Top of Provided data

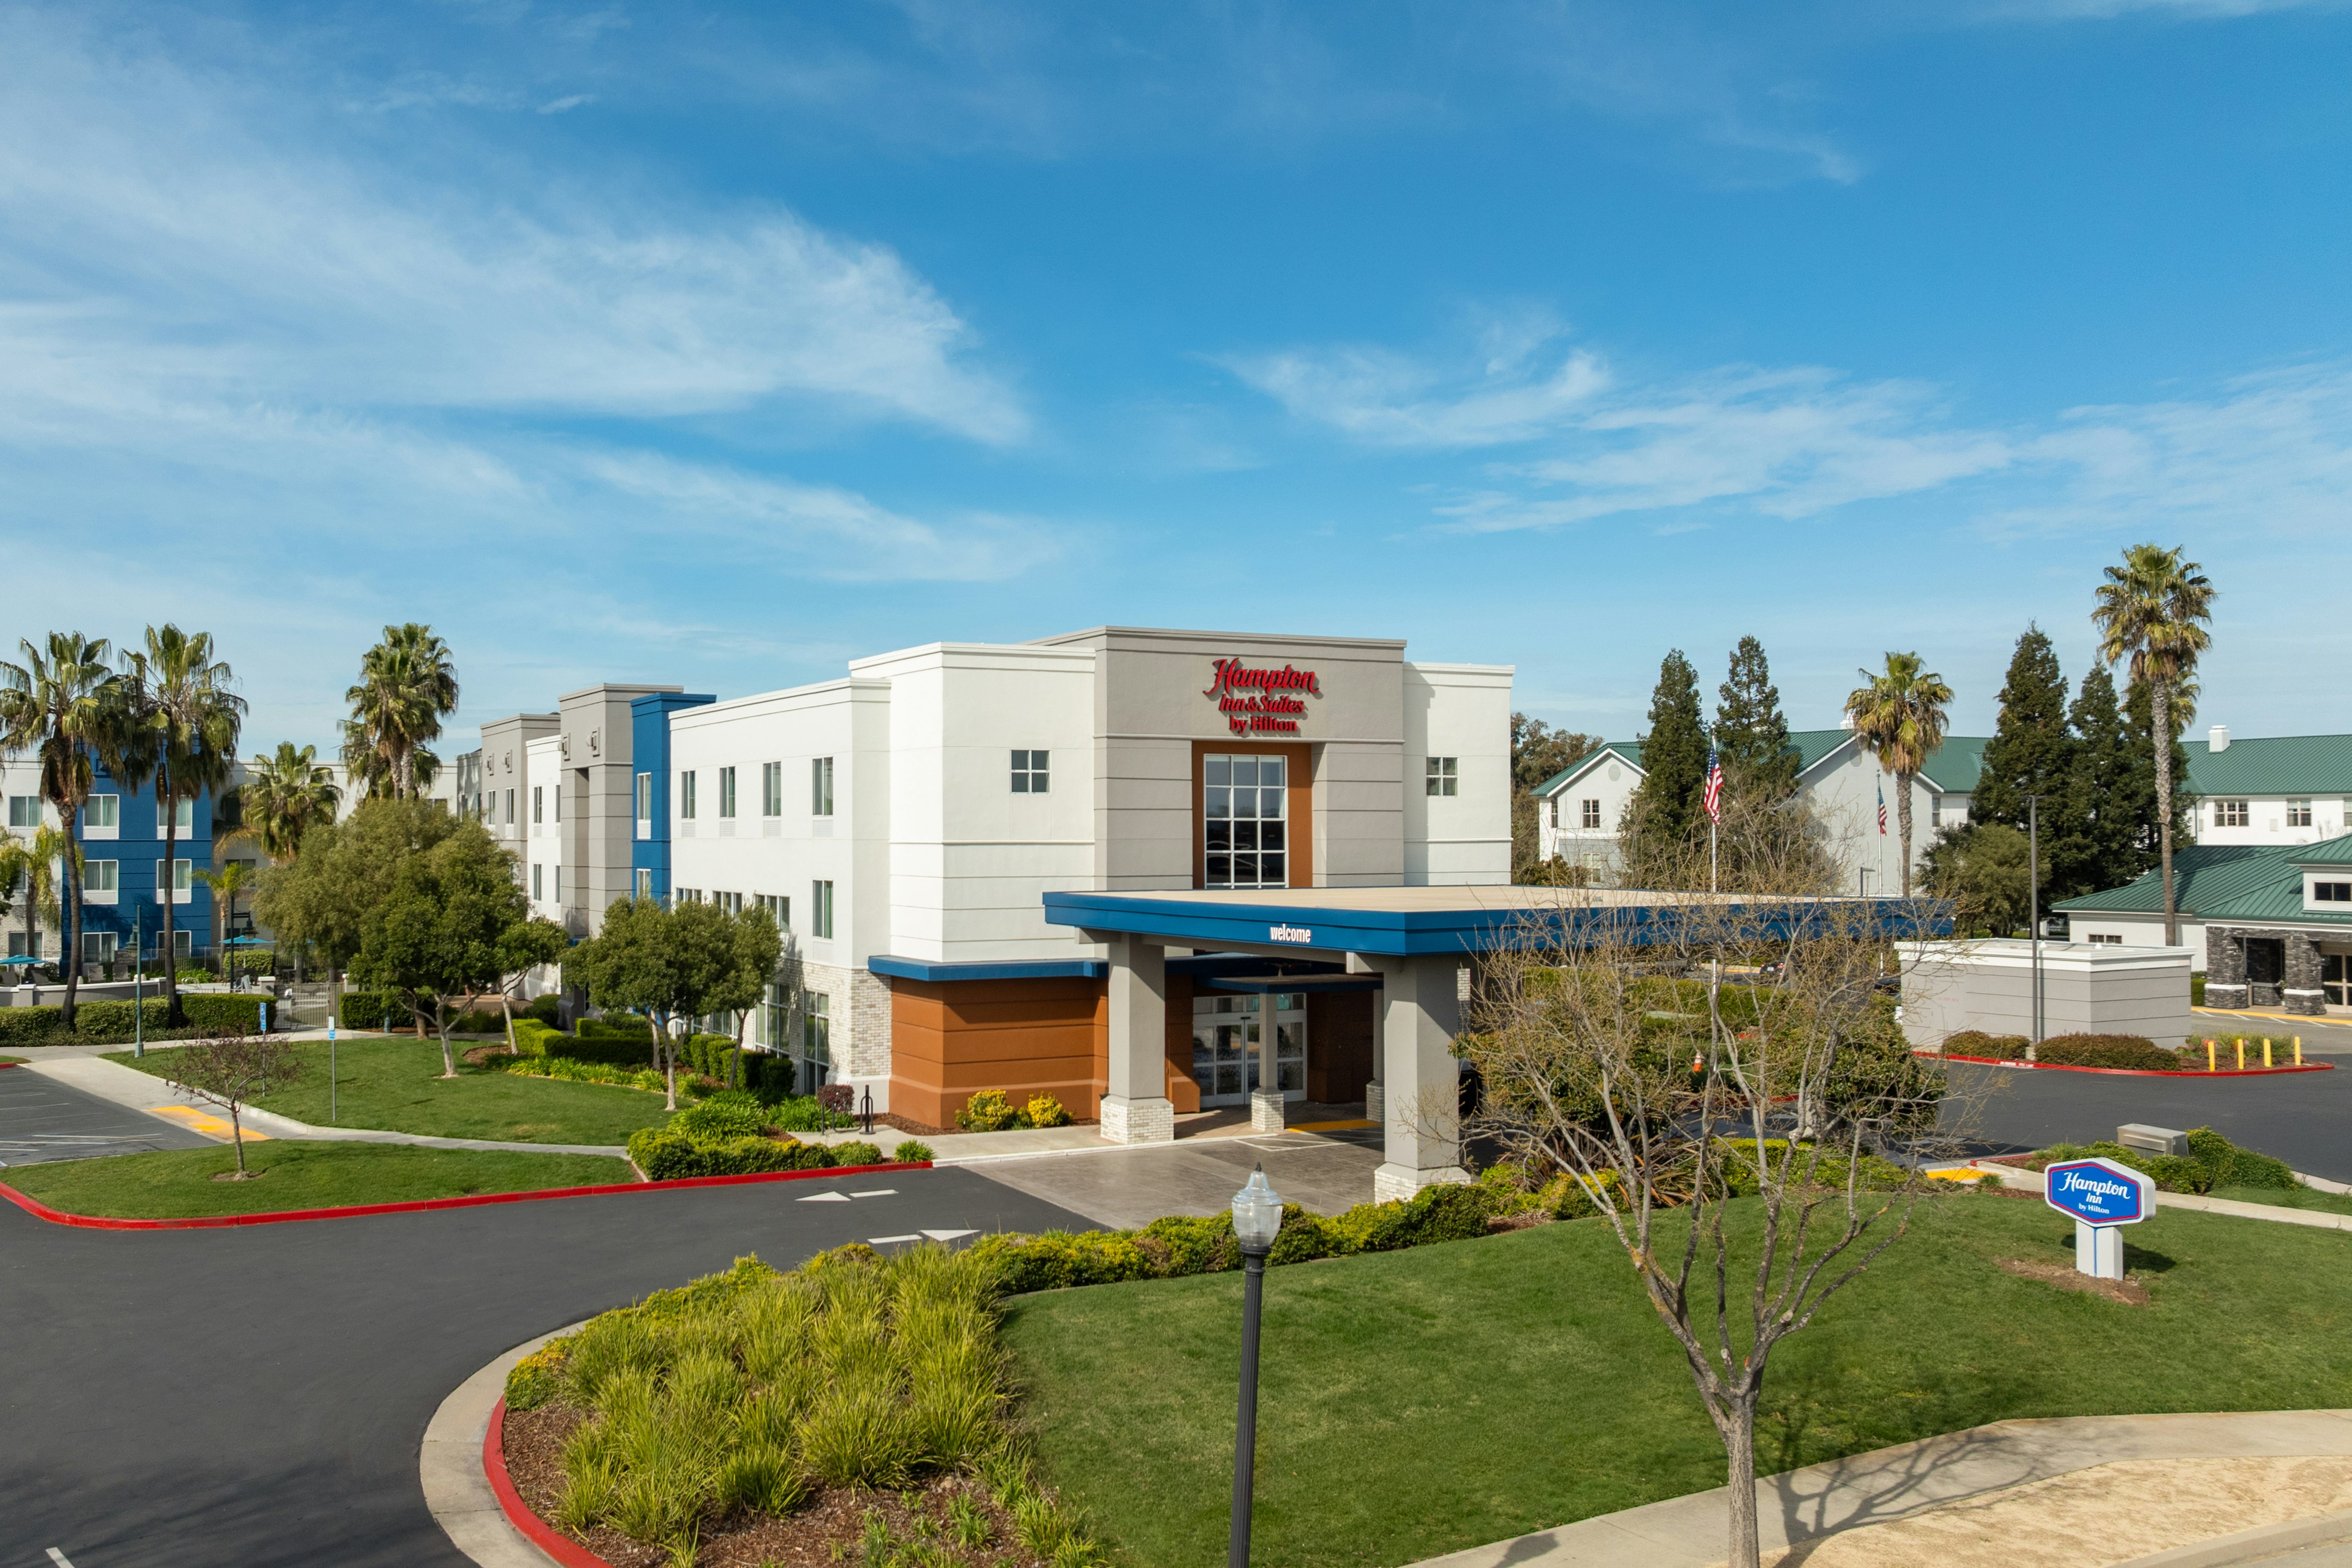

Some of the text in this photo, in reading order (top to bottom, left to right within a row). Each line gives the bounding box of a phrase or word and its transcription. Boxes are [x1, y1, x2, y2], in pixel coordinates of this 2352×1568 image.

[1203, 658, 1320, 694] Hampton
[1219, 694, 1304, 713] Inn & Suites
[1230, 715, 1297, 734] by Hilton
[1270, 923, 1311, 943] welcome
[2058, 1172, 2131, 1200] Hampton
[2085, 1192, 2103, 1204] Inn
[2078, 1203, 2110, 1214] by Hilton

Bottom of Provided data

Work to be completed
Your answer should be an exact copy of the entries above, with no images included.

Answer space
Some of the text in this photo, in reading order (top to bottom, left to right within a row). Each line gives the bounding box of a phrase or word and its transcription. Boxes are [x1, y1, x2, y2], in pixel coordinates of this 2352×1568 image.

[1203, 658, 1320, 694] Hampton
[1219, 694, 1304, 713] Inn & Suites
[1230, 715, 1297, 734] by Hilton
[1270, 923, 1311, 943] welcome
[2058, 1172, 2131, 1200] Hampton
[2085, 1192, 2103, 1204] Inn
[2078, 1203, 2110, 1214] by Hilton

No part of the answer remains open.